Source data

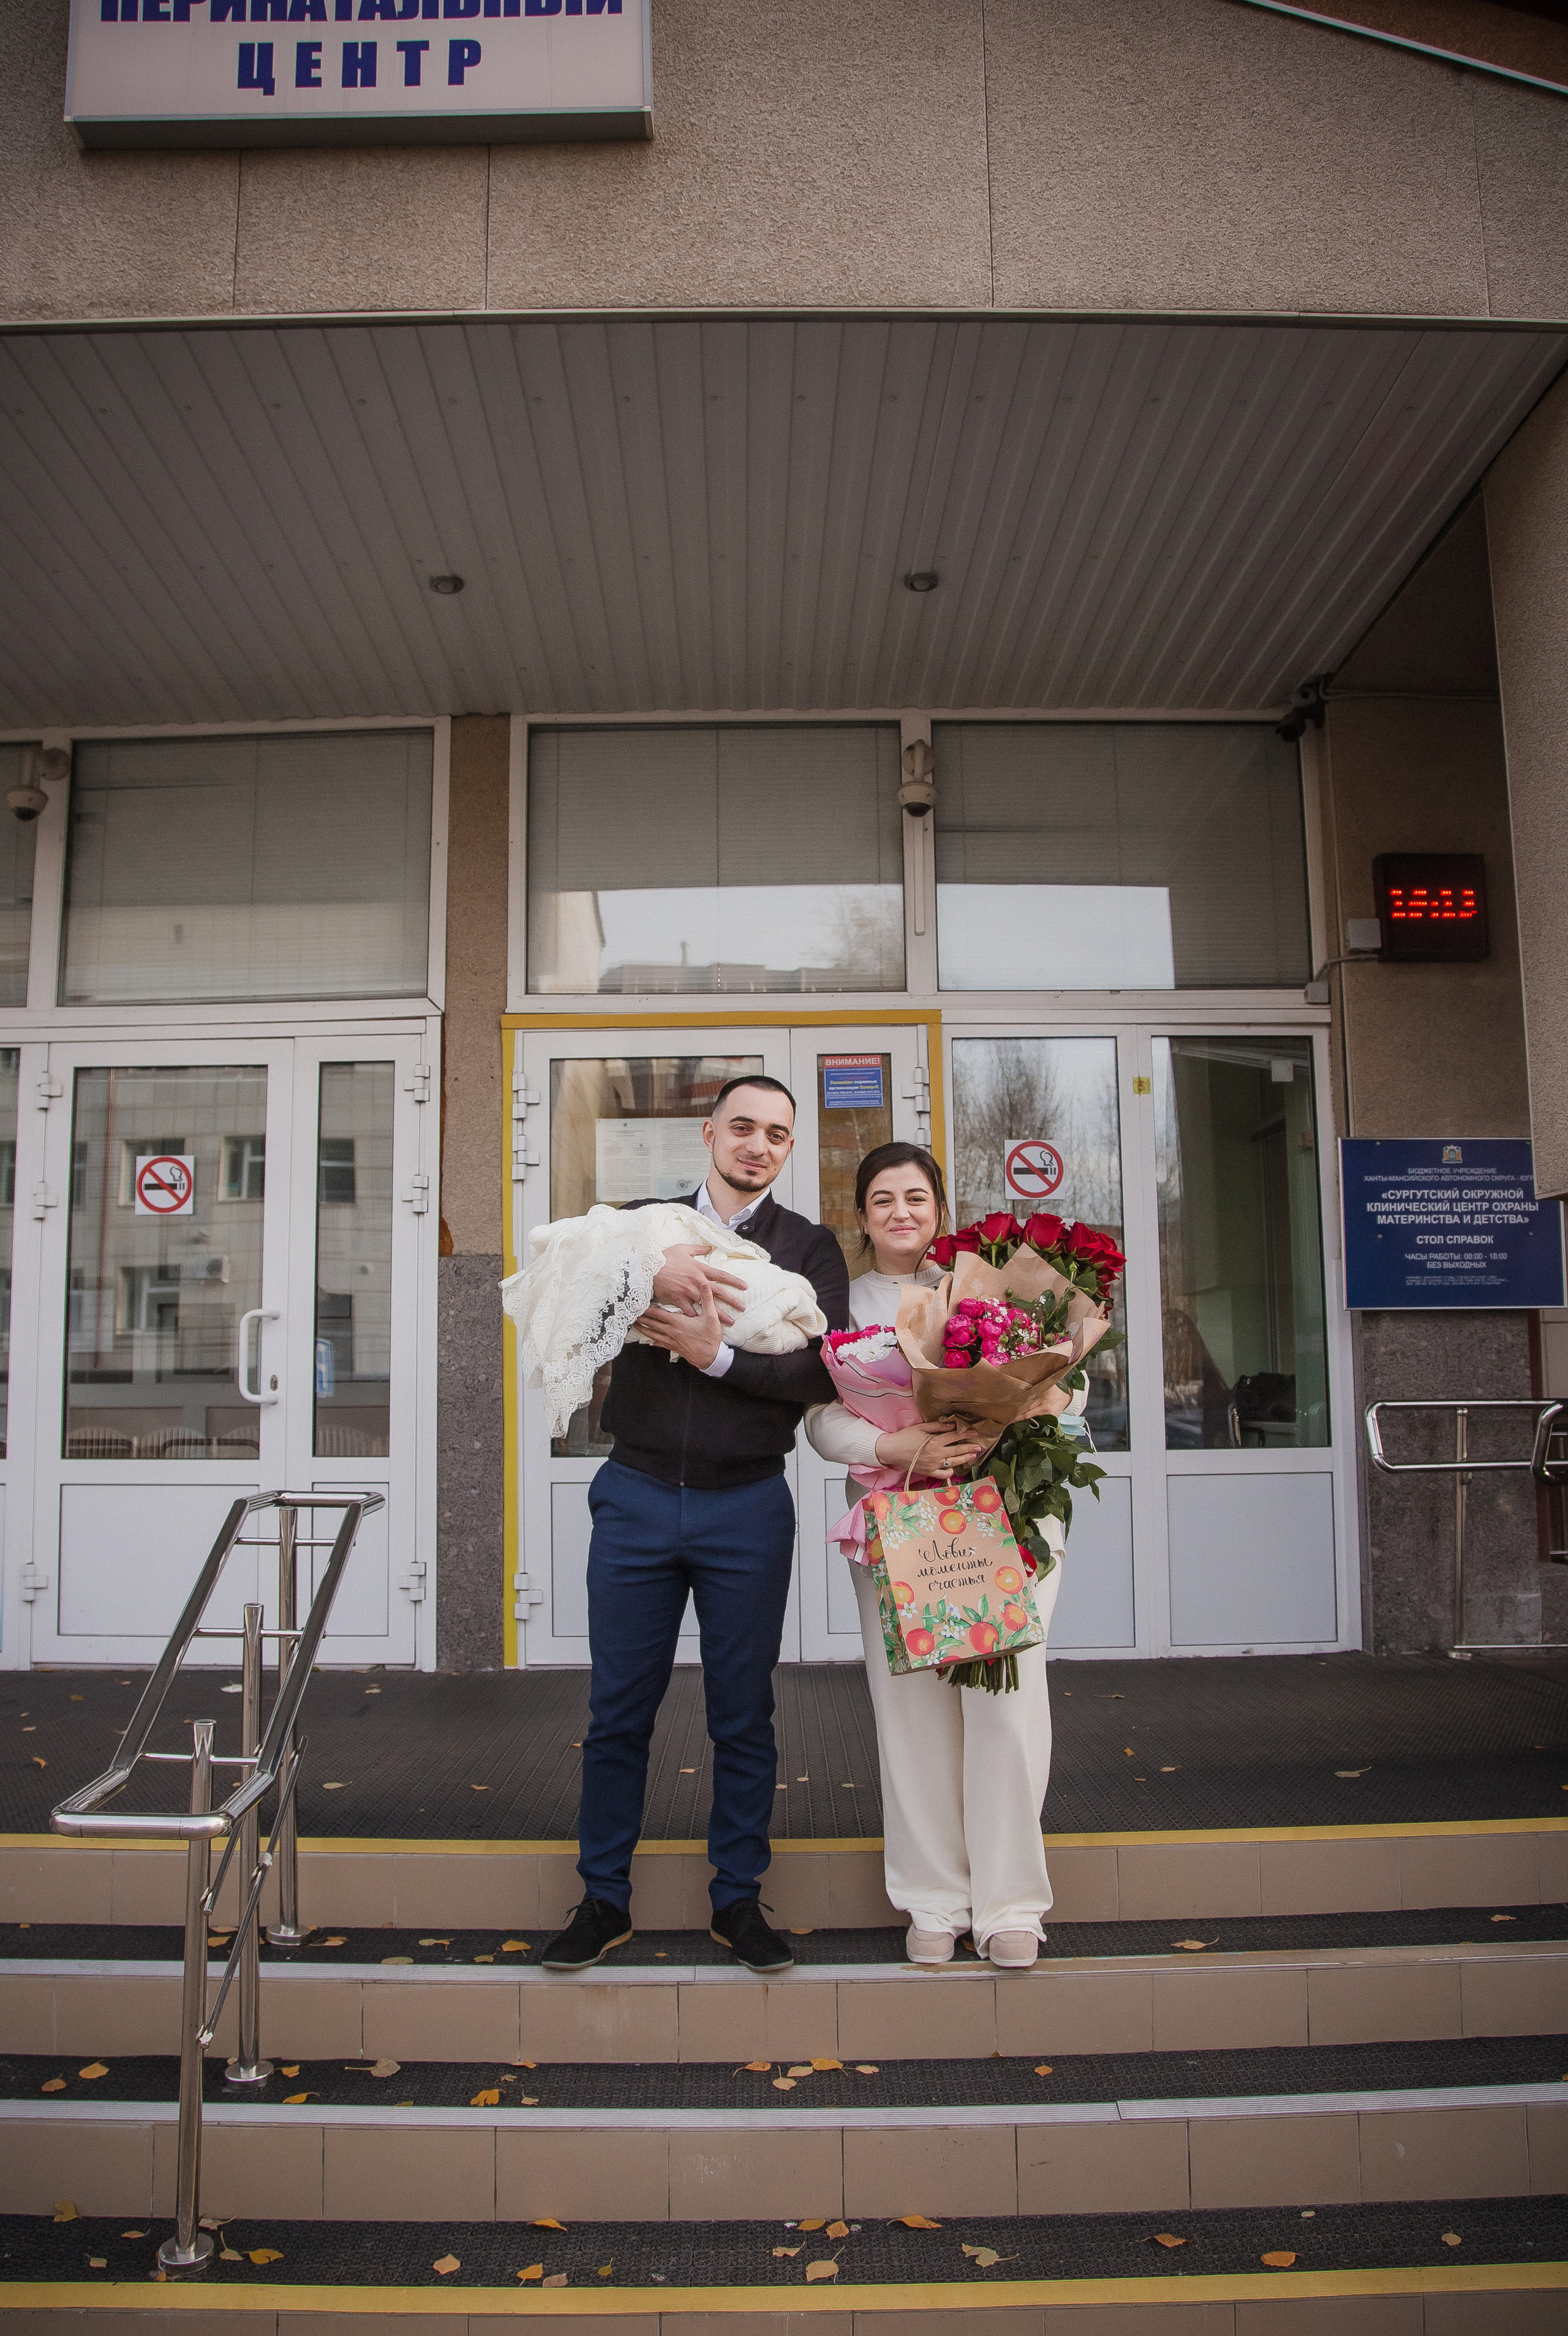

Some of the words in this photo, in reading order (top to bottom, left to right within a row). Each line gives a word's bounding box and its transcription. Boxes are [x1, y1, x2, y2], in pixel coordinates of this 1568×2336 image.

[238, 39, 482, 96] ЦЕНТР
[825, 1057, 880, 1066] ВНИМАНИЕ!
[1382, 1188, 1460, 1199] «СУРГУТСКИЙ
[1463, 1188, 1523, 1199] ОКРУЖНОЙ
[1366, 1200, 1450, 1212] КЛИНИЧЕСКИЙ
[1453, 1202, 1489, 1213] ЦЕНТР
[1492, 1202, 1539, 1211] ОХРАНЫ
[1377, 1215, 1460, 1224] МАТЕРИНСТВА
[1463, 1214, 1471, 1224] И
[1474, 1214, 1529, 1225] ДЕТСТВА»
[1416, 1235, 1444, 1244] СТОЛ
[1446, 1235, 1494, 1244] СПРАВОК
[918, 1537, 972, 1562] Лови
[917, 1558, 993, 1578] моменты
[928, 1574, 987, 1591] счастья
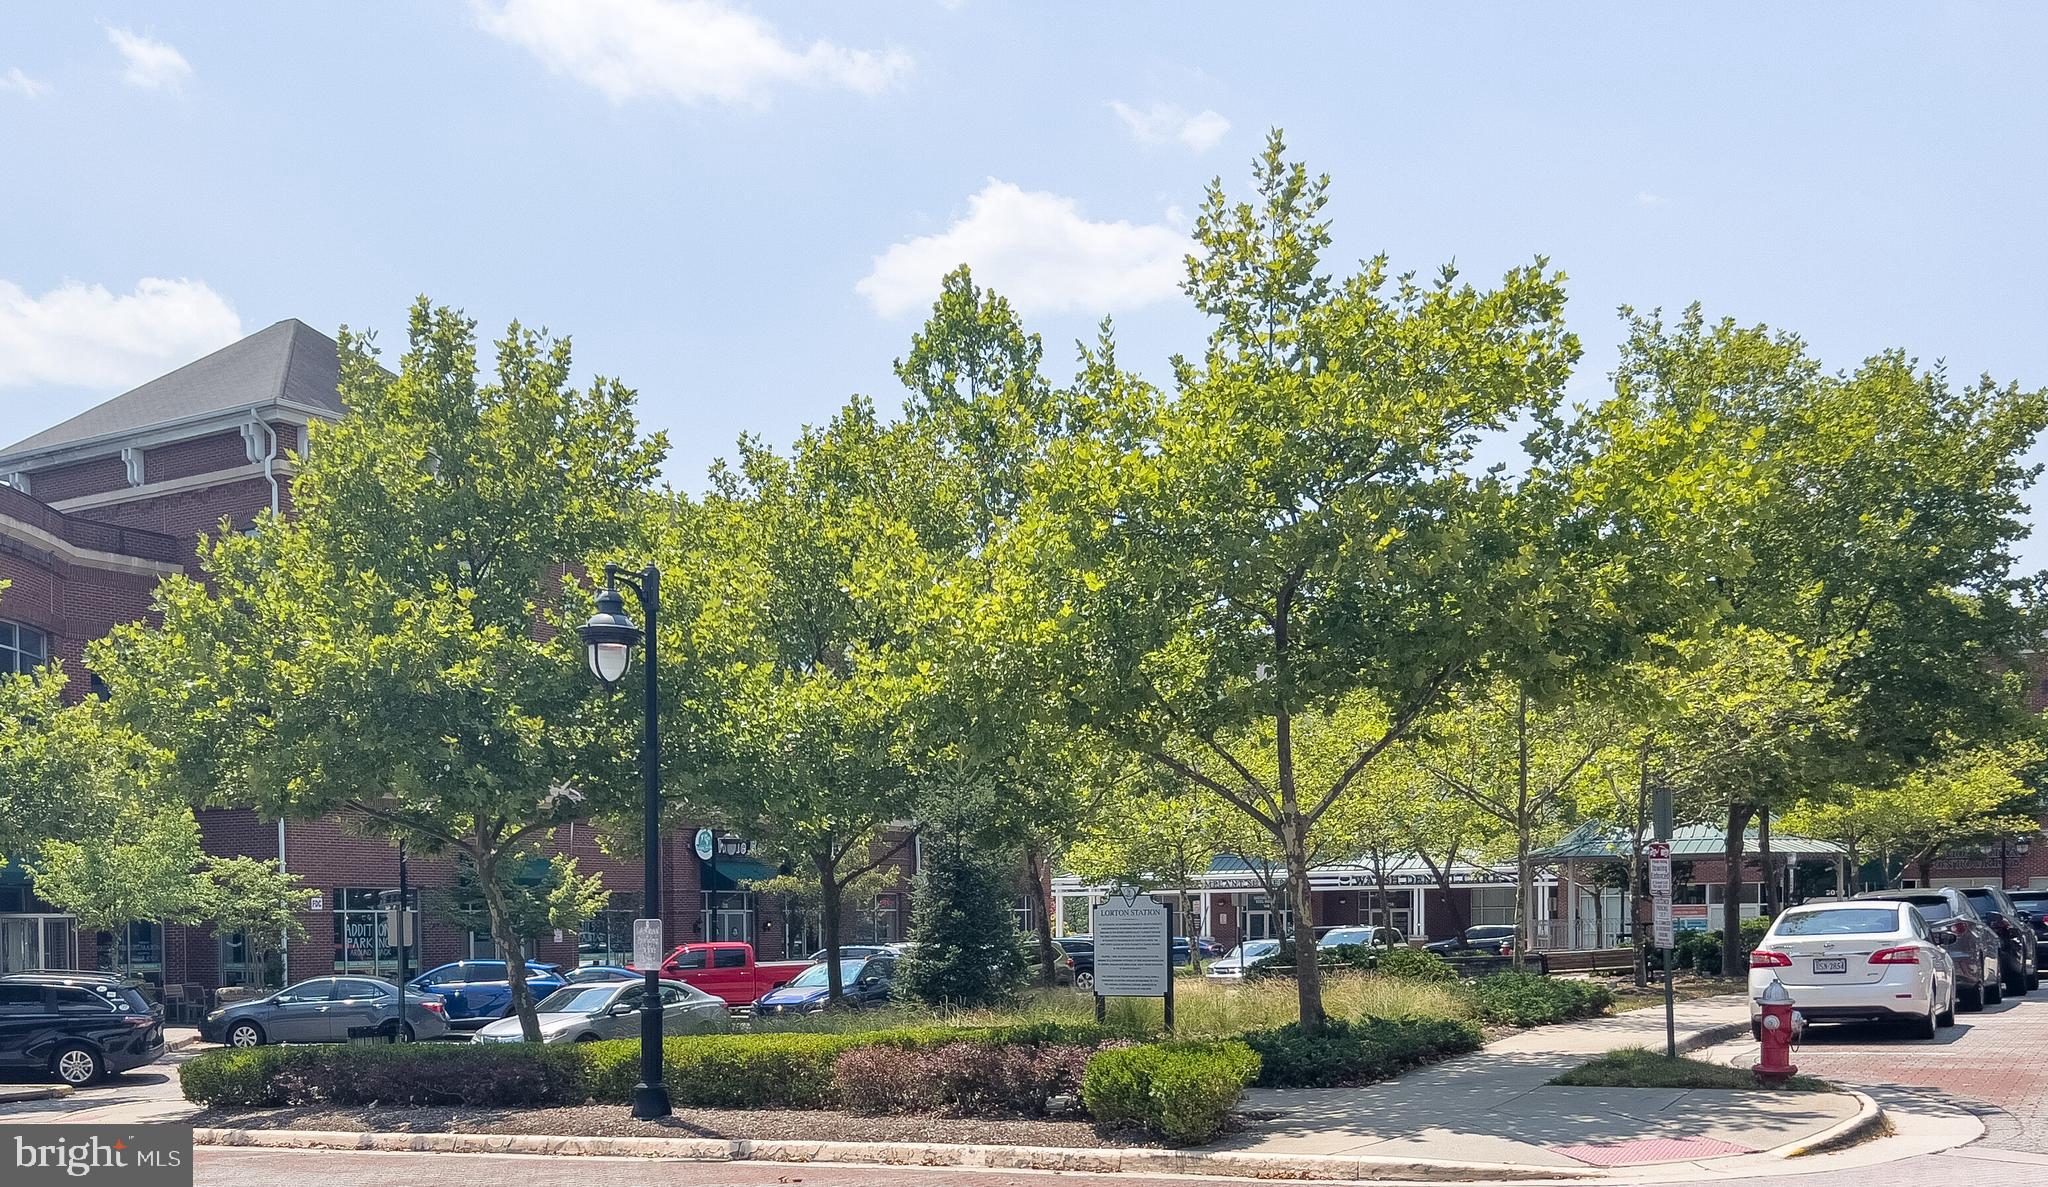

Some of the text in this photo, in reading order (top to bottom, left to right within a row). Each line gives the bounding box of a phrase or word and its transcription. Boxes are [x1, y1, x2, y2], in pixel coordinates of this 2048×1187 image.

Exercise brief. With the pictures dropped, write out all of the entries word for word.

Problem solution.
Some of the words in this photo, in reading order (top to bottom, left to right within a row). Each line gives a word's bounding box and its transcription. Boxes are [x1, y1, x2, y2], in pixel coordinates of this 1568×2336 image.

[238, 39, 482, 96] ЦЕНТР
[825, 1057, 880, 1066] ВНИМАНИЕ!
[1382, 1188, 1460, 1199] «СУРГУТСКИЙ
[1463, 1188, 1523, 1199] ОКРУЖНОЙ
[1366, 1200, 1450, 1212] КЛИНИЧЕСКИЙ
[1453, 1202, 1489, 1213] ЦЕНТР
[1492, 1202, 1539, 1211] ОХРАНЫ
[1377, 1215, 1460, 1224] МАТЕРИНСТВА
[1463, 1214, 1471, 1224] И
[1474, 1214, 1529, 1225] ДЕТСТВА»
[1416, 1235, 1444, 1244] СТОЛ
[1446, 1235, 1494, 1244] СПРАВОК
[918, 1537, 972, 1562] Лови
[917, 1558, 993, 1578] моменты
[928, 1574, 987, 1591] счастья

Some of the text in this photo, in reading order (top to bottom, left to right within a row). Each line gives the bounding box of a phrase or word and its transcription. Boxes are [x1, y1, x2, y2], in pixel coordinates of this 2048×1187 image.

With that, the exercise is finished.